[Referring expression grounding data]
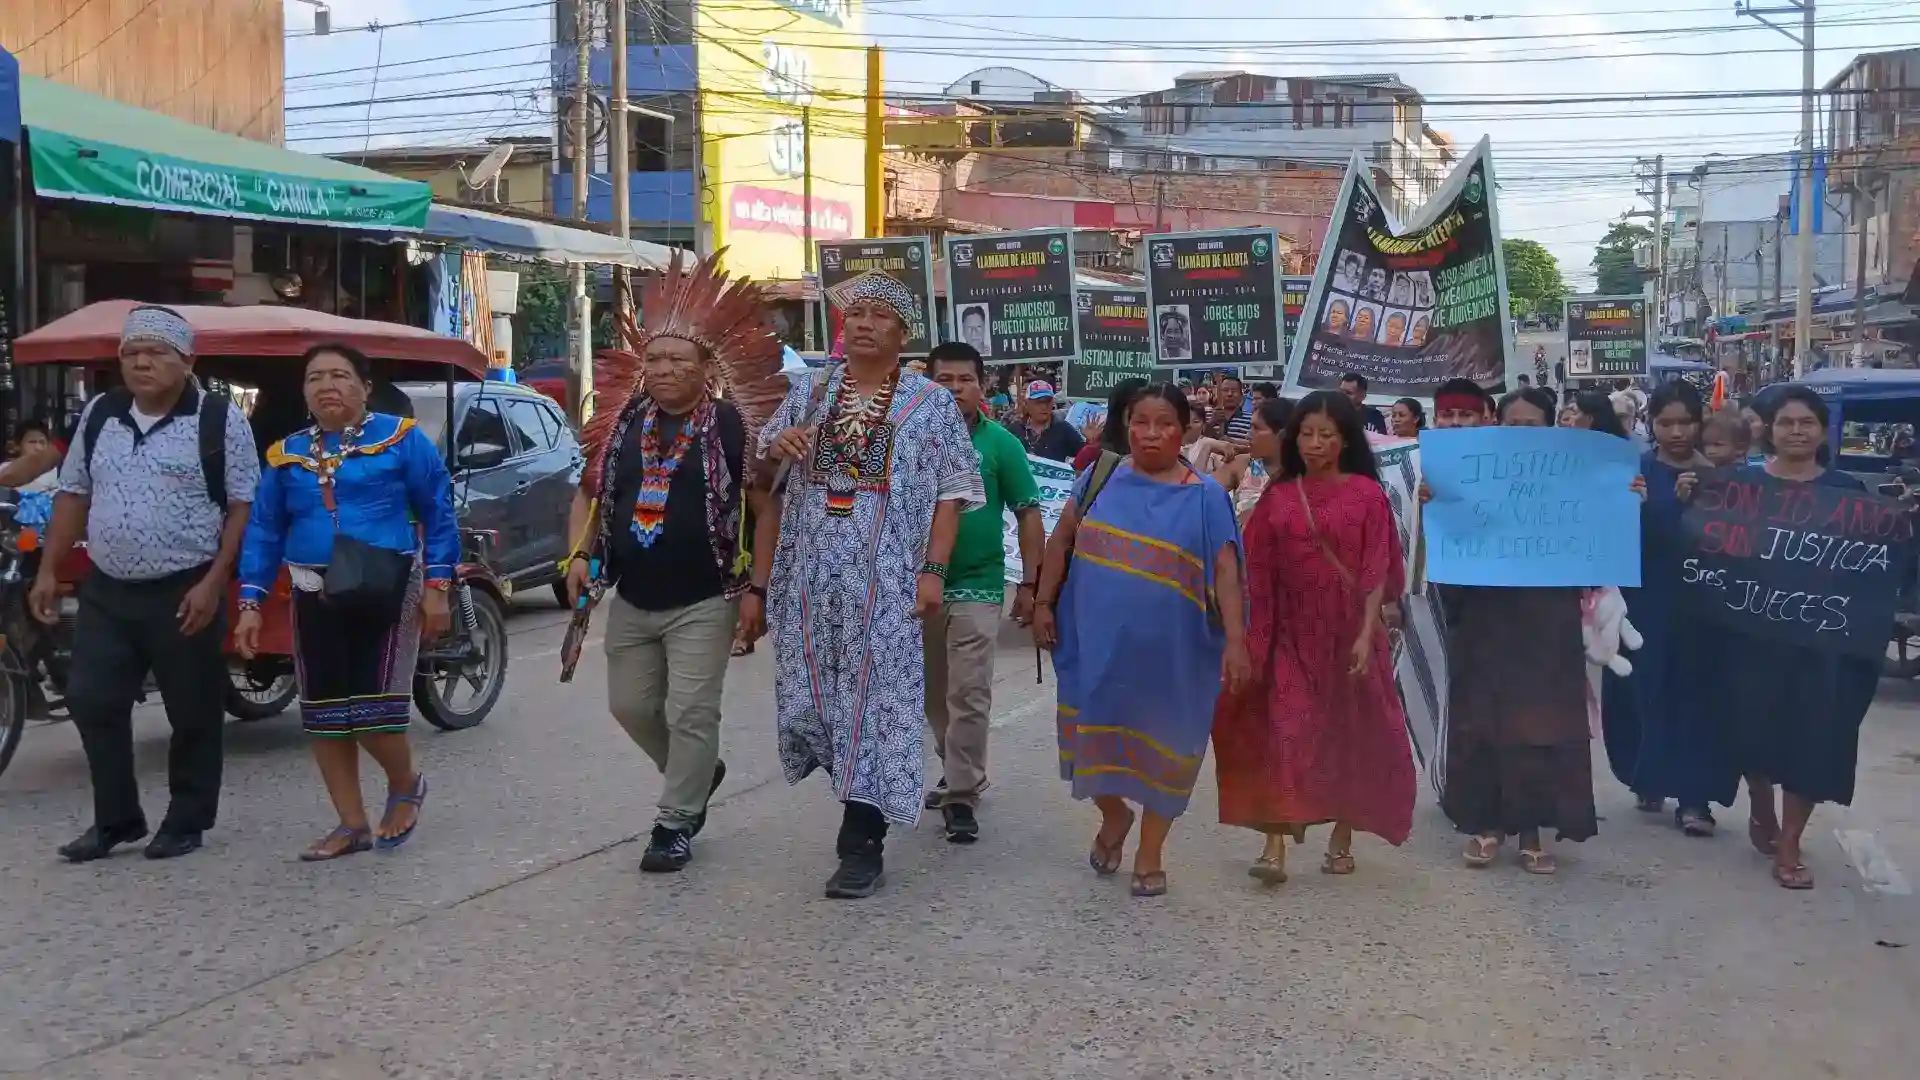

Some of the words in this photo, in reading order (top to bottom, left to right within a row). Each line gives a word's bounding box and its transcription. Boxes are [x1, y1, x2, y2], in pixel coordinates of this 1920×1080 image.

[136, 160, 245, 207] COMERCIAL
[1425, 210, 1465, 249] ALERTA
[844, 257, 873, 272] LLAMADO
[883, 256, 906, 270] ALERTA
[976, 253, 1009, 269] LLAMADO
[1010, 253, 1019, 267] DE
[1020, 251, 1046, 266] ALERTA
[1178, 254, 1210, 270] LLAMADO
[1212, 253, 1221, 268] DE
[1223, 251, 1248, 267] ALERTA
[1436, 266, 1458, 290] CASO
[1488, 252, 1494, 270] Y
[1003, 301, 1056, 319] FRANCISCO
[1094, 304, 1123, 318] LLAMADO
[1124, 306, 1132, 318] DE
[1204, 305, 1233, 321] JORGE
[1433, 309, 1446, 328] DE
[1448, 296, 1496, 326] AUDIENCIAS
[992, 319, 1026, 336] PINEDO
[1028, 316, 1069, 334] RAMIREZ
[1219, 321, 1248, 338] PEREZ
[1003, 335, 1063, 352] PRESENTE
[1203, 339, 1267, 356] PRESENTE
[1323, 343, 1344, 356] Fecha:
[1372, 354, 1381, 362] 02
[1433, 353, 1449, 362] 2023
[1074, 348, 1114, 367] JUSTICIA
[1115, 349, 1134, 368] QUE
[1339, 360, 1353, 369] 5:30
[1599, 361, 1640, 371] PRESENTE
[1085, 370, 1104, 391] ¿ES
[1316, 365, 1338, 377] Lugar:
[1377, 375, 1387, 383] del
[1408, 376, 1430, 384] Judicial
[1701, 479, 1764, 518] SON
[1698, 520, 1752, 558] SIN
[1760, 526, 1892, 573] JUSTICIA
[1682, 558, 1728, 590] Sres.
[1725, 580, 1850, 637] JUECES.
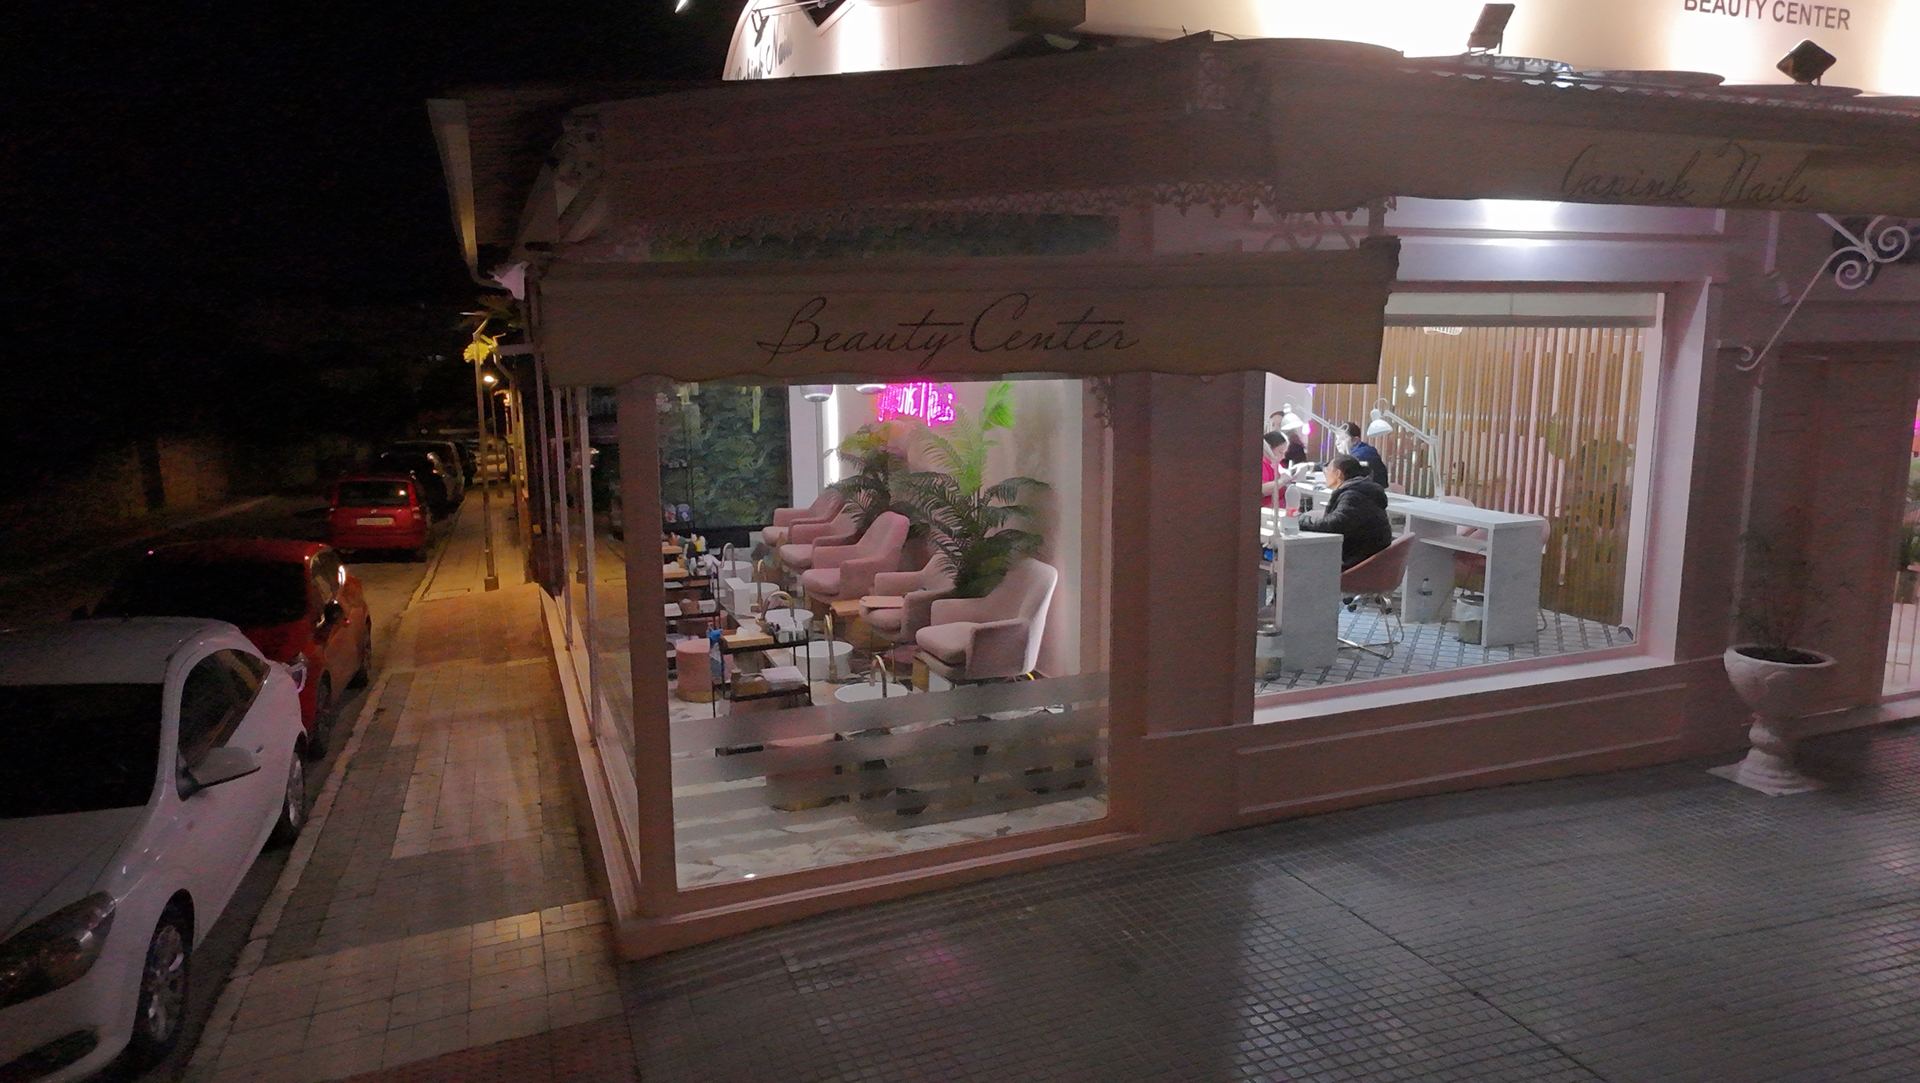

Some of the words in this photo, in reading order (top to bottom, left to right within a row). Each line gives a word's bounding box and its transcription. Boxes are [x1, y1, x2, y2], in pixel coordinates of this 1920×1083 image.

:: What you need to do ::
Print each line above exactly as it appears, excluding all images.

:: Response ::
Some of the words in this photo, in reading order (top to bottom, left to right within a row). Each line gives a word's bounding box and its transcription. Boxes are [x1, y1, x2, y2], in pixel coordinates of this 1920×1080 image.

[136, 160, 245, 207] COMERCIAL
[1425, 210, 1465, 249] ALERTA
[844, 257, 873, 272] LLAMADO
[883, 256, 906, 270] ALERTA
[976, 253, 1009, 269] LLAMADO
[1010, 253, 1019, 267] DE
[1020, 251, 1046, 266] ALERTA
[1178, 254, 1210, 270] LLAMADO
[1212, 253, 1221, 268] DE
[1223, 251, 1248, 267] ALERTA
[1436, 266, 1458, 290] CASO
[1488, 252, 1494, 270] Y
[1003, 301, 1056, 319] FRANCISCO
[1094, 304, 1123, 318] LLAMADO
[1124, 306, 1132, 318] DE
[1204, 305, 1233, 321] JORGE
[1433, 309, 1446, 328] DE
[1448, 296, 1496, 326] AUDIENCIAS
[992, 319, 1026, 336] PINEDO
[1028, 316, 1069, 334] RAMIREZ
[1219, 321, 1248, 338] PEREZ
[1003, 335, 1063, 352] PRESENTE
[1203, 339, 1267, 356] PRESENTE
[1323, 343, 1344, 356] Fecha:
[1372, 354, 1381, 362] 02
[1433, 353, 1449, 362] 2023
[1074, 348, 1114, 367] JUSTICIA
[1115, 349, 1134, 368] QUE
[1339, 360, 1353, 369] 5:30
[1599, 361, 1640, 371] PRESENTE
[1085, 370, 1104, 391] ¿ES
[1316, 365, 1338, 377] Lugar:
[1377, 375, 1387, 383] del
[1408, 376, 1430, 384] Judicial
[1701, 479, 1764, 518] SON
[1698, 520, 1752, 558] SIN
[1760, 526, 1892, 573] JUSTICIA
[1682, 558, 1728, 590] Sres.
[1725, 580, 1850, 637] JUECES.

Some of the words in this photo, in reading order (top to bottom, left to right within a row). Each line gives a word's bounding box and its transcription. Boxes are [x1, y1, x2, y2], in pixel coordinates of this 1920×1083 image.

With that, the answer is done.